Speaking at that session, which took place in late December, he stated that there had been no changes to Russia's war aims: “denazification, disarmament, and neutralization of Ukraine.” He repeated his claim that problems with Kiev began with a 2014 “state coup” against pro-Moscow politician Viktor Yanukovych, and justified the seizure of Crimea by saying that saying Crimea was part of Ukraine was “historical nonsense.”
The message was not much different from the one he delivered in February 2022. He then described his decision to invade Ukraine as a last-ditch effort to repel Western aggression that included NATO expansion. “The collapse of the Soviet Union led to the redividing of the world,” Putin said. “This package includes promises not to expand NATO eastward by even an inch. I repeat: they have deceived us, or quite simply, they have deceived us.”
At times, Putin has drawn on megalomaniac theories to explain his worldview: in a July 2022 speech, he repeatedly referenced the “Golden Billion,” a vaguely apocalyptic theory describing an anti-Russian plot hatched by a wealthy Western elite. Long before the invasion of Ukraine, he had completely rejected the idea of a Ukrainian national identity. “The word ‘Ukrainian’, based on archival documents, originally referred to border guards protecting the external borders,” he wrote in July 2021.
The Russian leader often distorts history according to his worldview. In 2020, he published a 9,000-word article in which he claimed that the Soviet annexation of Latvia, Lithuania and Estonia in 1939 was done “with the consent of elected authorities” – a historical statement that, in hindsight, seems more like justification. To seize a future neighbor.
A skilled interviewer may be able to investigate here. Does Putin really believe his stated motives? But the Kremlin was not looking for a potential investigator to conduct his first interview since the invasion of Ukraine. If Putin had wanted to, he might have spoken to the BBC's Rosenberg, who speaks Russian and lives in the country. Instead, they chose a former TV presenter with no real ties to Russia, who was unceremoniously fired from his job last year.
Journalists who publish critical reports on Russia will no longer get interviews with Putin. Many were forced to leave the country due to restrictive censorship laws put in place after the invasion of Ukraine. This includes Western and Russian journalists, who often work abroad with a great deal of personal and professional insecurity.
Some foreign journalists whom Carlson despised were arrested. Ivan Gershkovich, a reporter for The Wall Street Journal, was arrested and charged with espionage during a reporting trip to Yekaterinburg last year. In October, another journalist working for an international outlet, Alsu Kurmasheva of Radio Free Europe/Radio Liberty, was arrested while visiting Russia from her home in Prague (Kurmasheva holds dual American and Russian citizenship).

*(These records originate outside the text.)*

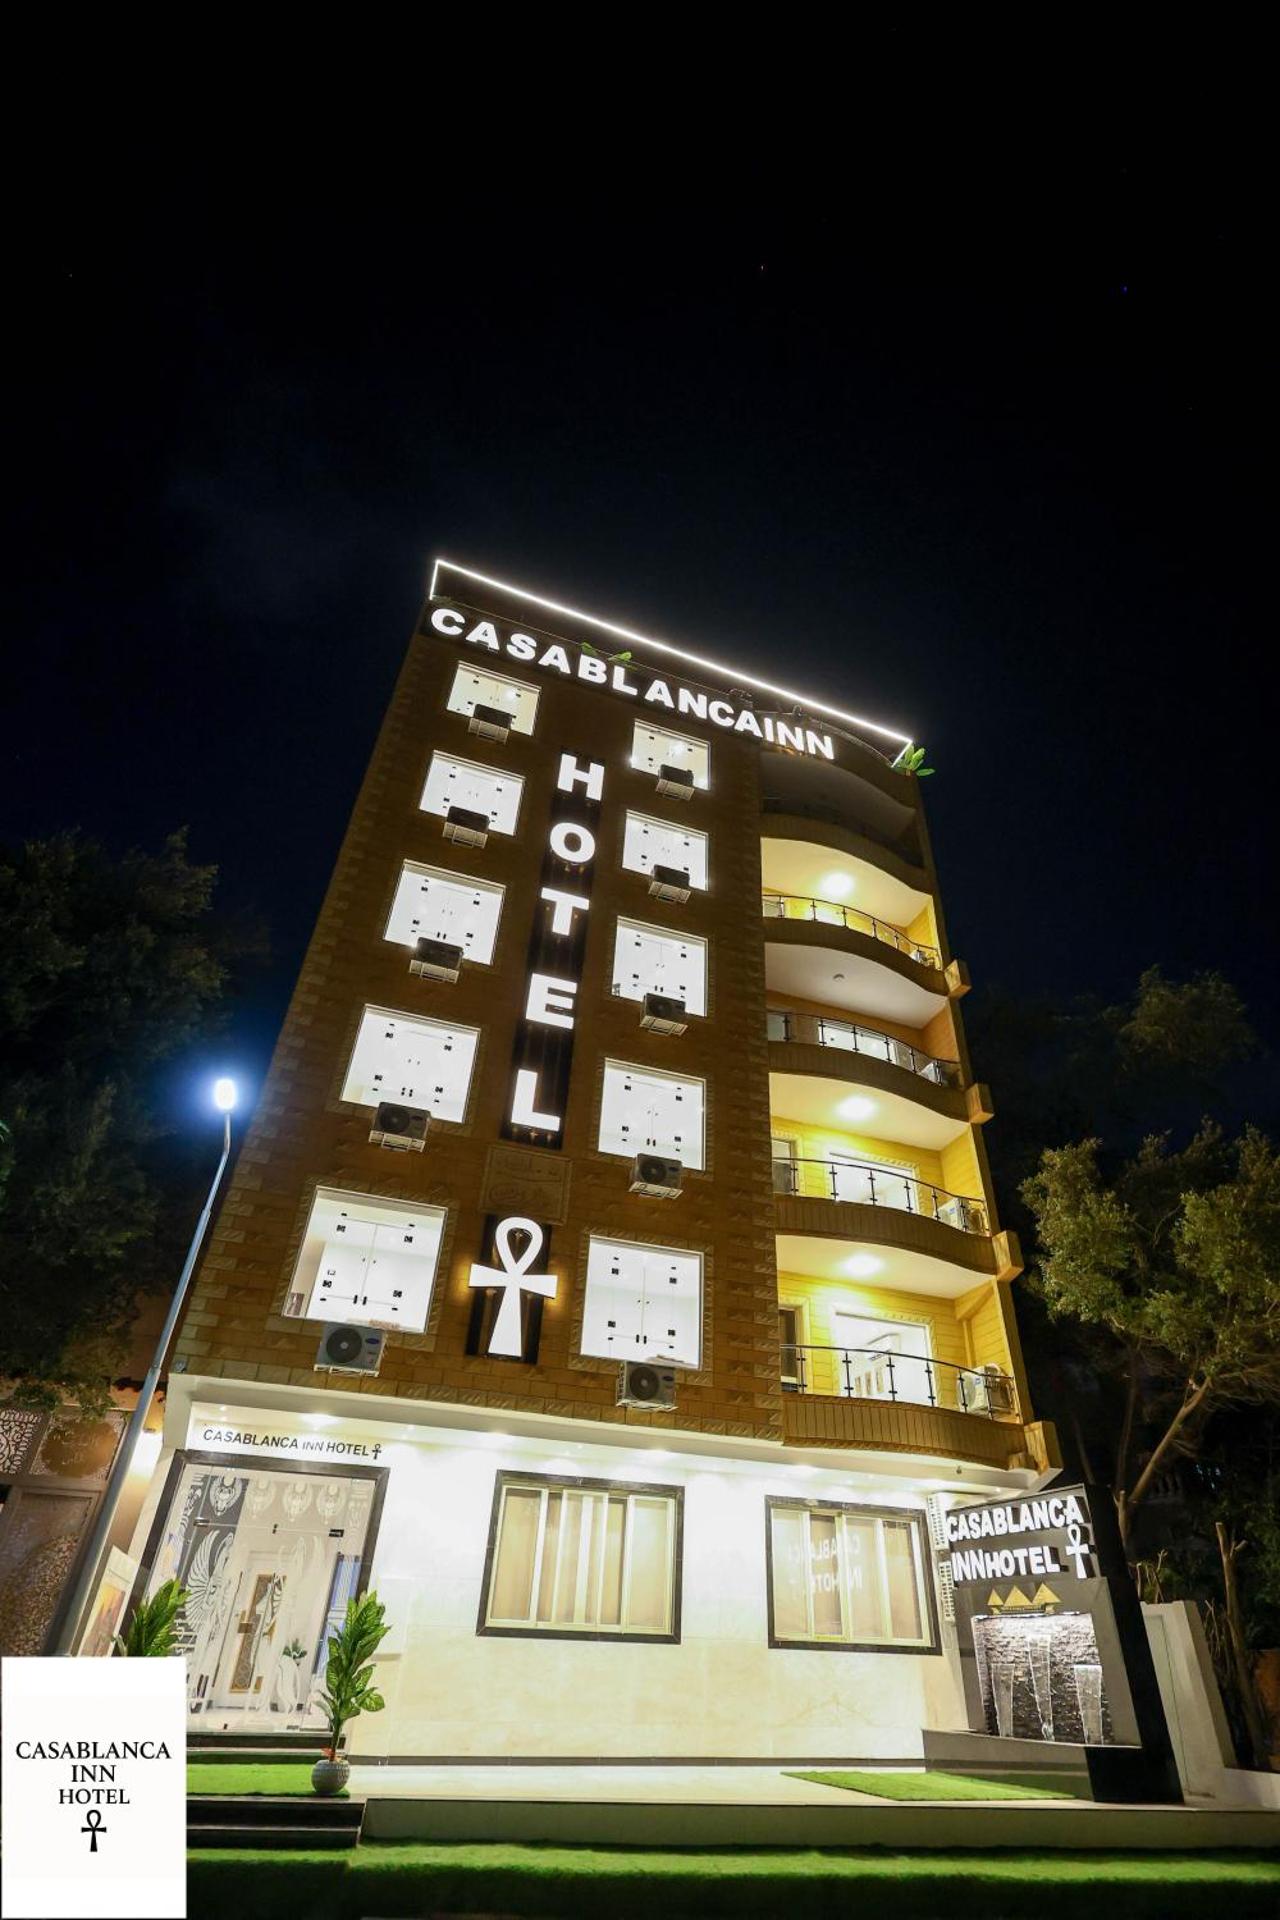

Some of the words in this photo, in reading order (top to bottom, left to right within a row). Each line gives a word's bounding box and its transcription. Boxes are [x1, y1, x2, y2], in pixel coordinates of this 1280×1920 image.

[511, 754, 605, 1132] HOTEL
[203, 1429, 298, 1449] CASABLANCA
[302, 1441, 323, 1452] INN
[326, 1442, 370, 1457] HOTEL
[946, 1495, 1084, 1542] CASABLANCA

When Putin was asked about the detention of journalists in December, he rejected this assumption. “Why don't they do that? [Western journalists] Stop committing crimes on Russian territory? He said this in response to a question from New York Times correspondent Valerie Hopkins, a Western journalist who was in Moscow at that moment.
Putin has been a source of fascination around the world and the subject of countless biographies and books over the decades. Those who have spoken with him in depth over the years describe him as a difficult interviewer. “It’s very difficult to extract,” Austrian broadcaster Armin Wolff told Politico in 2018 after his, particularly combative, interview with the Russian president went viral online. “He doesn't say a word he doesn't intend to say. He's very controlled.”
There are many probing questions we should ask Putin, from the impact of the Wagner rebellion to the true state of the Russian economy and much more. Carlson might try to ask some of these questions. But sitting face to face with him does not guarantee a glimpse into his soul, as at least one other American has already discovered.